What is being asked
Only the images are to be dropped; the records themselves must be repeated exactly.

──────── Supplied material

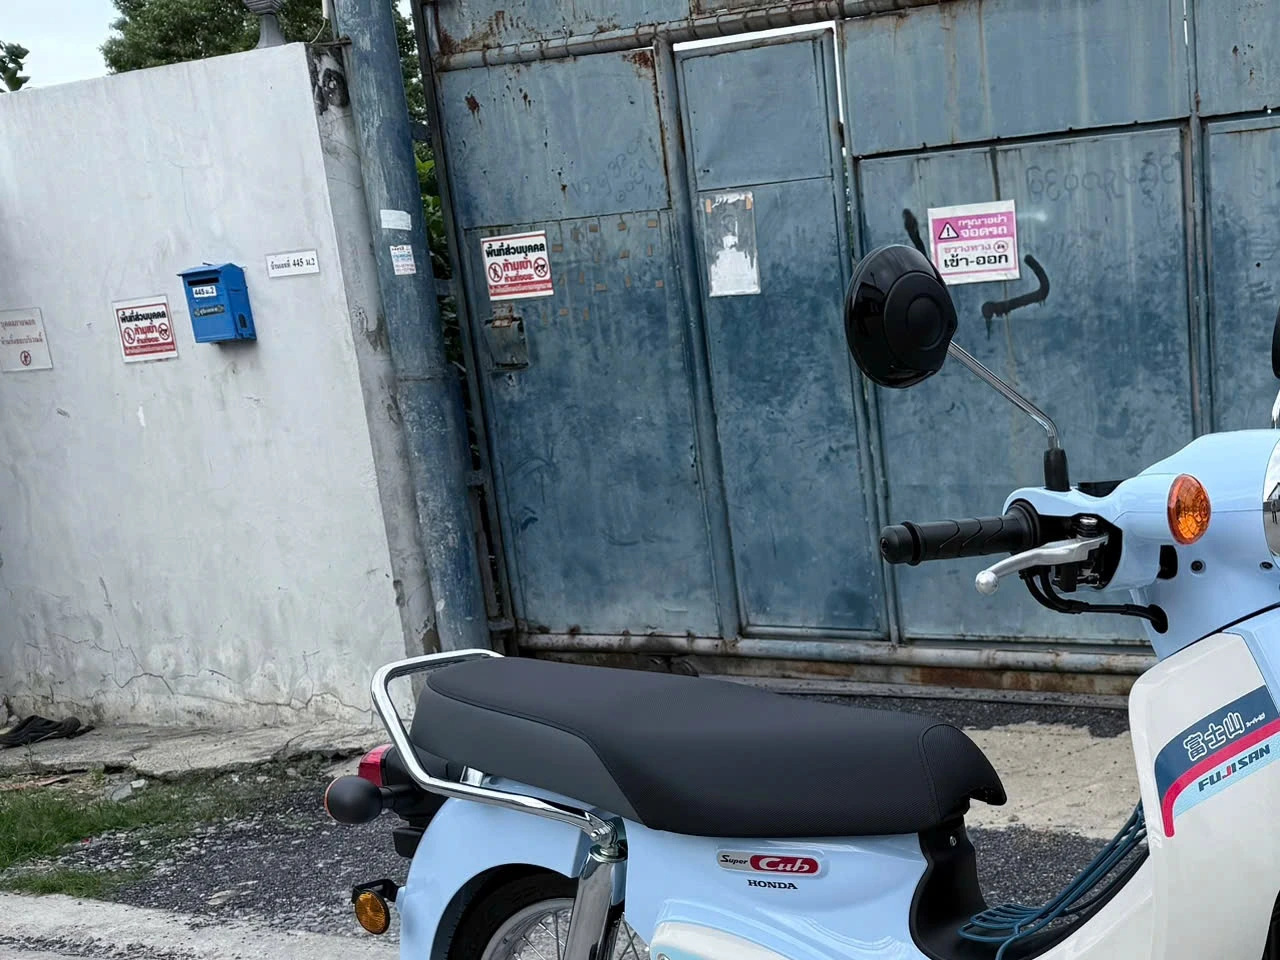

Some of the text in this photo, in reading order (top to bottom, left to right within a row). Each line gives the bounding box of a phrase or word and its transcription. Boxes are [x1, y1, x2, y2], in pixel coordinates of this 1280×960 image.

[958, 214, 1008, 228] กรุณาอย่า
[960, 225, 1007, 238] จอดรถ
[485, 242, 546, 258] พื้นที่ส่วนบุคคล
[944, 243, 991, 255] ขวางทาง
[293, 258, 304, 267] 445
[502, 257, 533, 273] ห้ามเข้า
[944, 253, 1009, 268] เข้า-ออก
[1183, 712, 1245, 762] 富士山
[1198, 744, 1271, 792] FUJISAN
[720, 855, 810, 871] Super Cub
[747, 880, 798, 890] HONDA
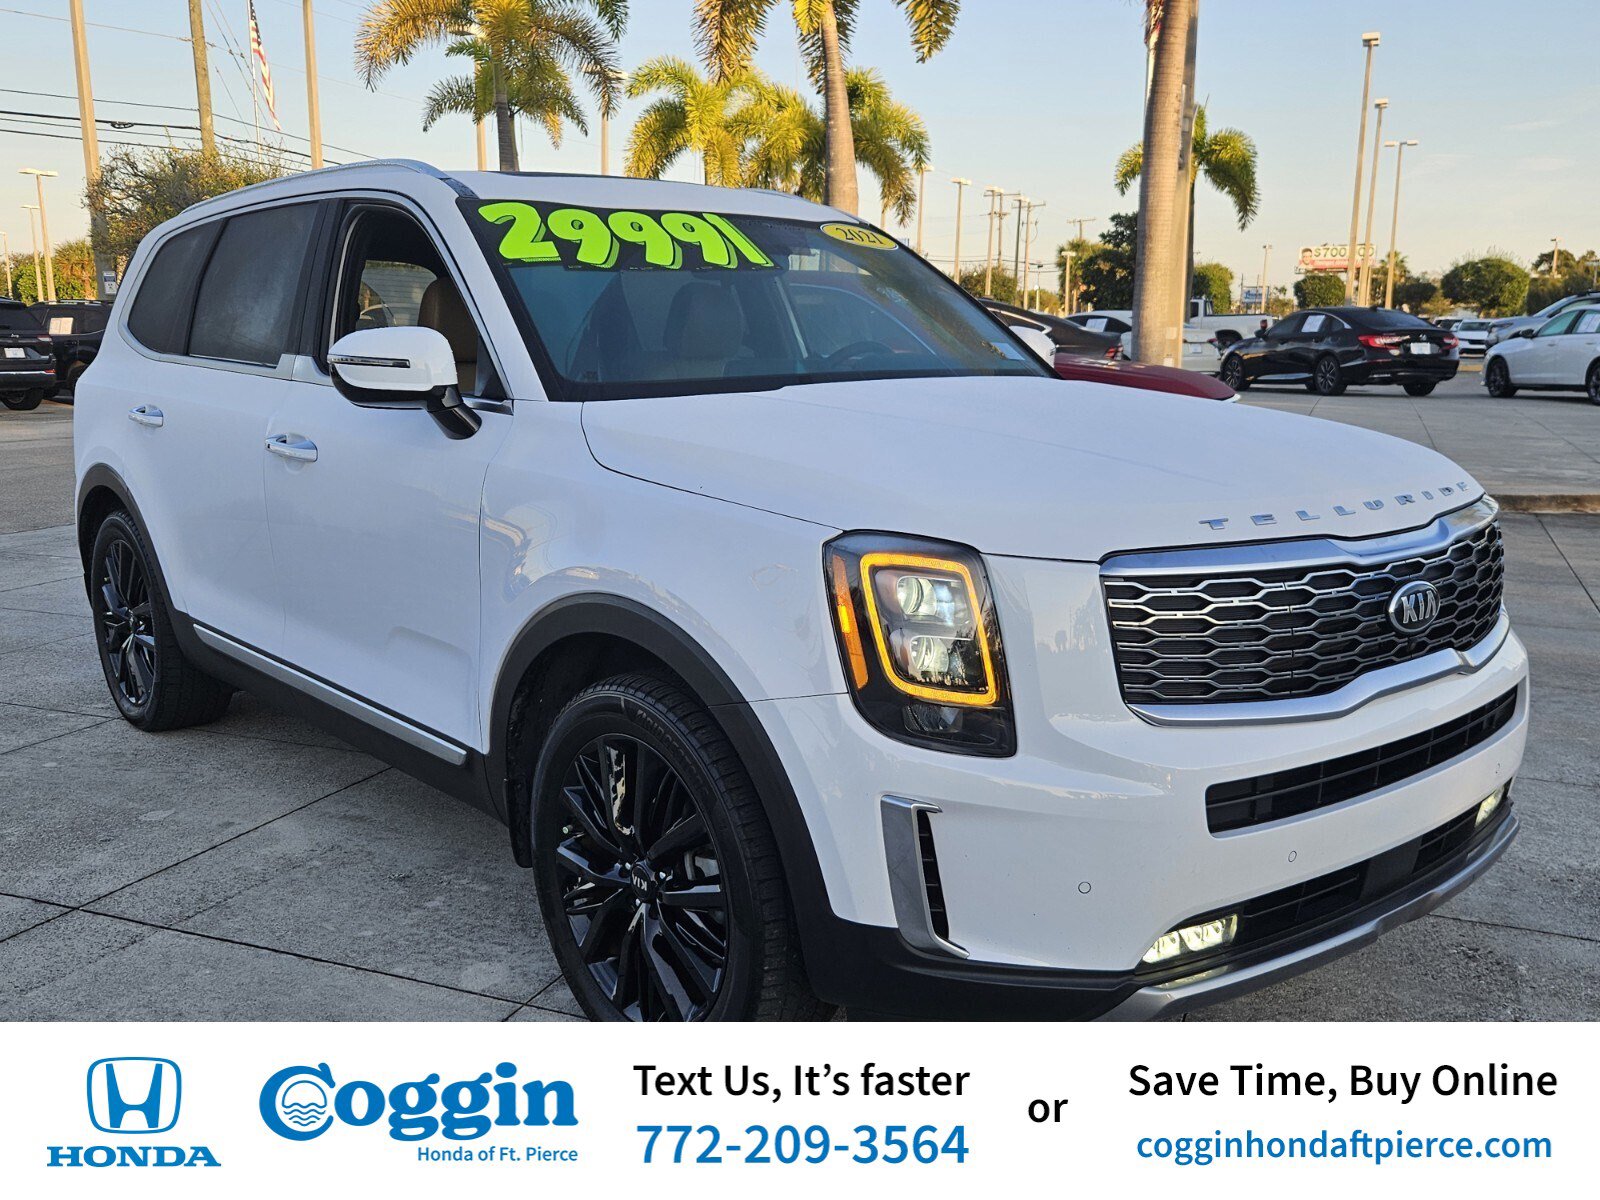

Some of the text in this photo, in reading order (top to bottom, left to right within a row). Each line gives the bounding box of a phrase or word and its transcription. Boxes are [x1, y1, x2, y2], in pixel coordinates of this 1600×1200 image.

────────────────

Task result
Some of the text in this photo, in reading order (top to bottom, left to right within a row). Each line gives the bounding box of a phrase or word and its transcription. Boxes are [x1, y1, x2, y2], in pixel coordinates of this 1280×960 image.

[958, 214, 1008, 228] กรุณาอย่า
[960, 225, 1007, 238] จอดรถ
[485, 242, 546, 258] พื้นที่ส่วนบุคคล
[944, 243, 991, 255] ขวางทาง
[293, 258, 304, 267] 445
[502, 257, 533, 273] ห้ามเข้า
[944, 253, 1009, 268] เข้า-ออก
[1183, 712, 1245, 762] 富士山
[1198, 744, 1271, 792] FUJISAN
[720, 855, 810, 871] Super Cub
[747, 880, 798, 890] HONDA

Some of the text in this photo, in reading order (top to bottom, left to right within a row). Each line gives the bounding box of a phrase or word and its transcription. Boxes are [x1, y1, x2, y2], in pixel coordinates of this 1600×1200 image.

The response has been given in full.